Bayesian inference for a partially observed birth-death process using data on proportions
Richard J. Boys, Holly F. Ainsworth, Colin S. Gillespie

TL;DR
This paper develops Bayesian inference methods for partially observed birth-death processes, especially when data is limited to noisy proportion measurements, addressing challenges in biological process modeling.
Contribution
It introduces Bayesian algorithms tailored for data-poor scenarios with limited proportion observations in birth-death processes, enhancing inference capabilities.
Findings
Bayesian methods effectively estimate parameters with limited data.
Algorithms perform well with noisy proportion observations.
Improved inference in biologically relevant, data-scarce settings.
Abstract
Stochastic kinetic models are often used to describe complex biological processes.

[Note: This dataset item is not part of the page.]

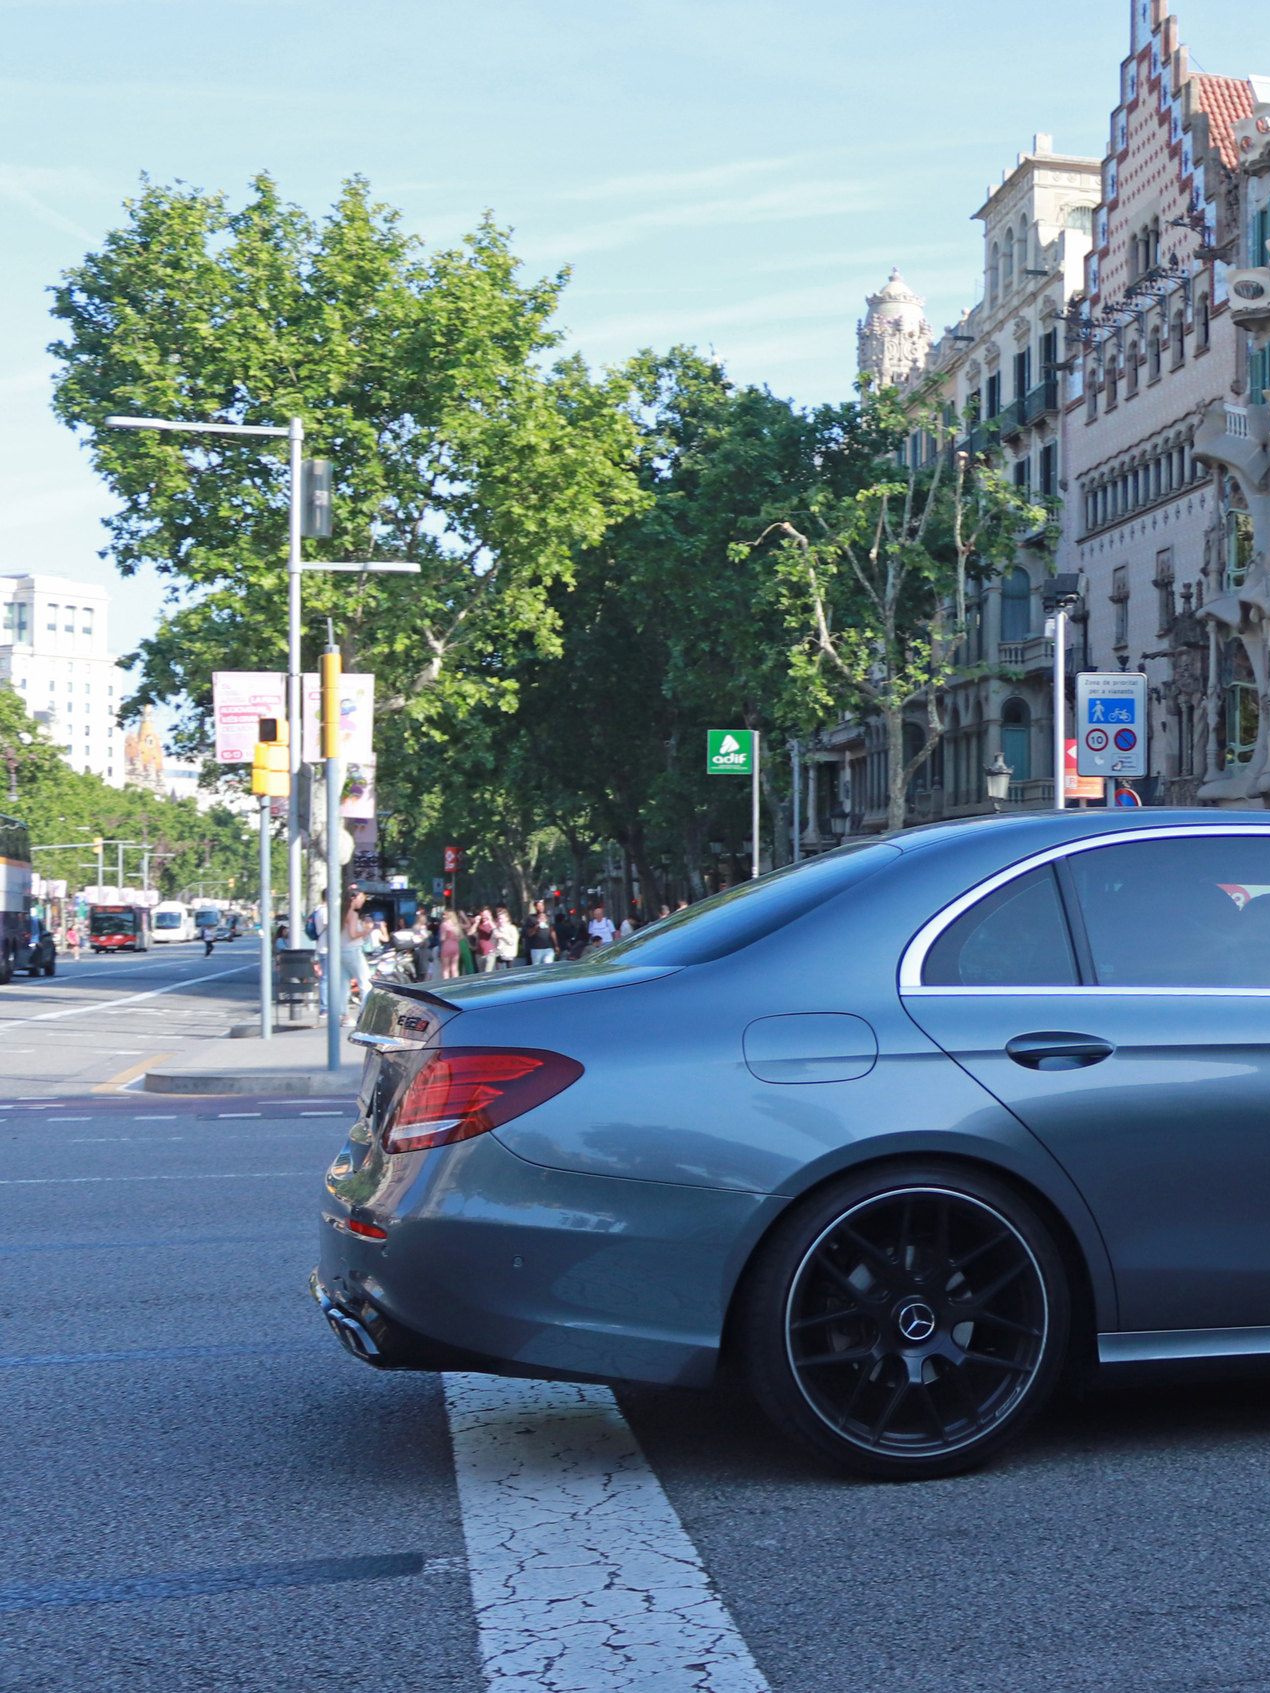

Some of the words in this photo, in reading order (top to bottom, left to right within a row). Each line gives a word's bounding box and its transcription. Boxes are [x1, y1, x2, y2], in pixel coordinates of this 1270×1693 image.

[1113, 679, 1138, 687] prioritat
[1091, 736, 1103, 744] 10
[712, 753, 747, 764] adif
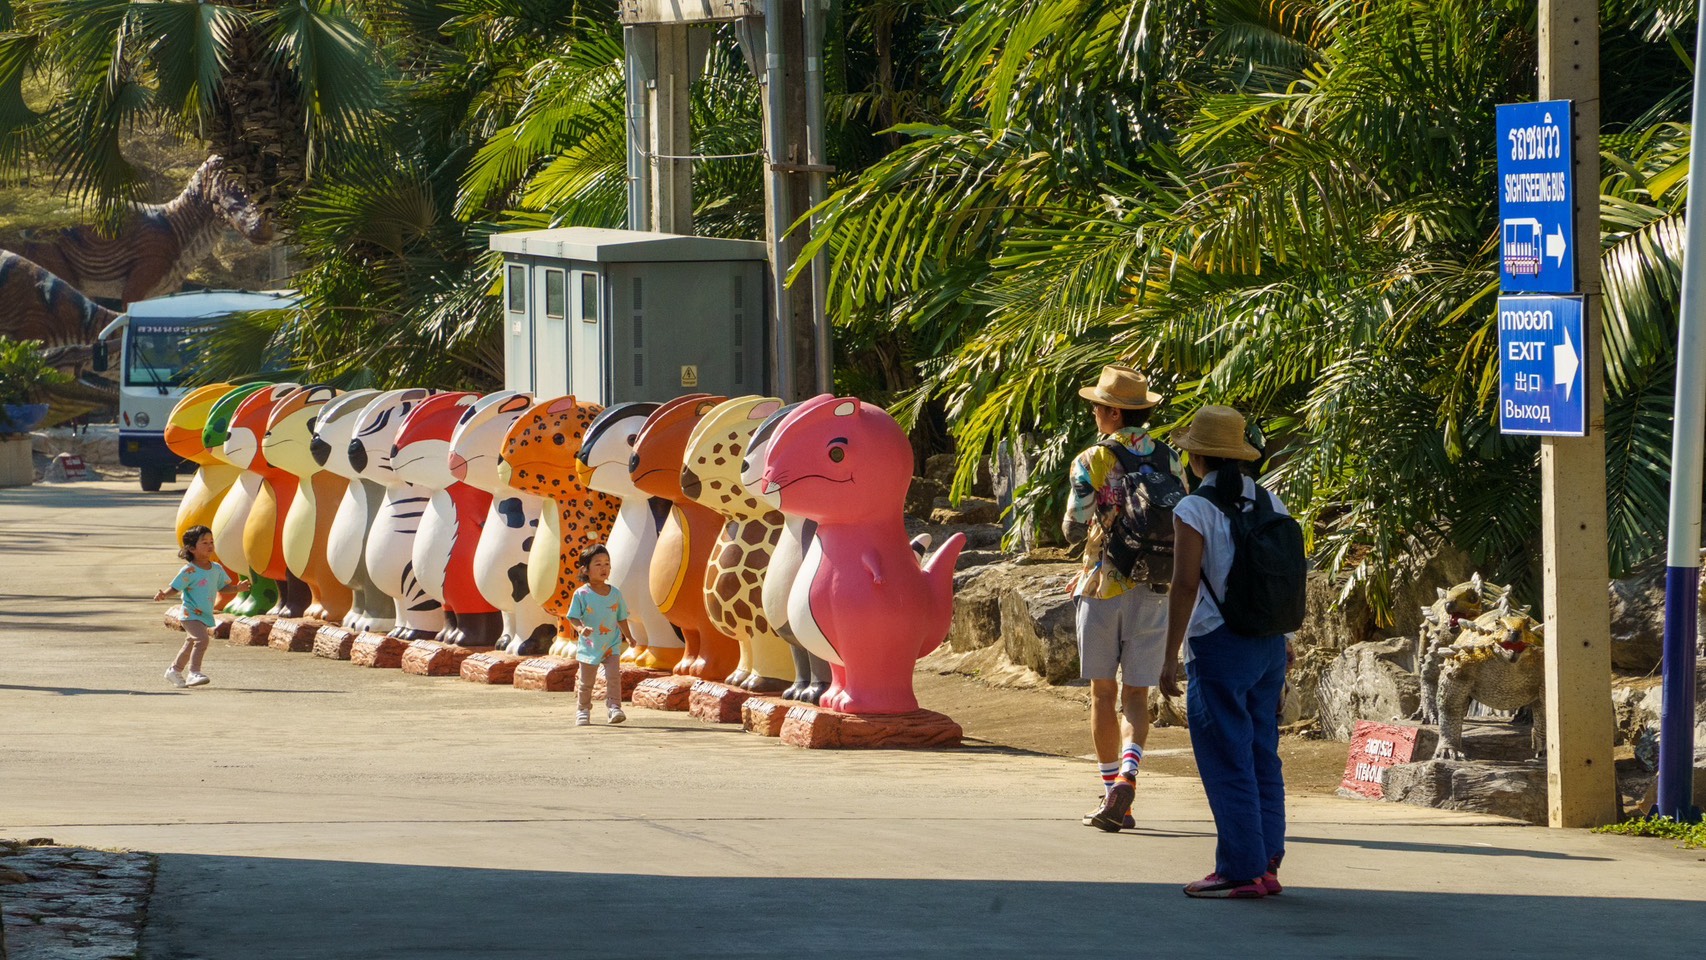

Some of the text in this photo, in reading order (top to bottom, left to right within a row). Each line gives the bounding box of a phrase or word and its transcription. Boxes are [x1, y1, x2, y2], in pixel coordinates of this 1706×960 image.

Typically these models are analytically intractable and have unknown parameters which need to be estimated from observed data. Ideally we would have measurements on all interacting chemical species in the process, observed continuously in time. However, in practice, measurements are taken only at a relatively few time-points. In some situations, only very limited observation of the process is available, such as when experimenters can only observe noisy observations on the proportion of cells that are alive. This makes the inference task even more problematic. We consider a range of data-poor scenarios and investigate the performance of various computationally intensive Bayesian algorithms in determining the posterior distribution using data on proportions from a simple birth-death process.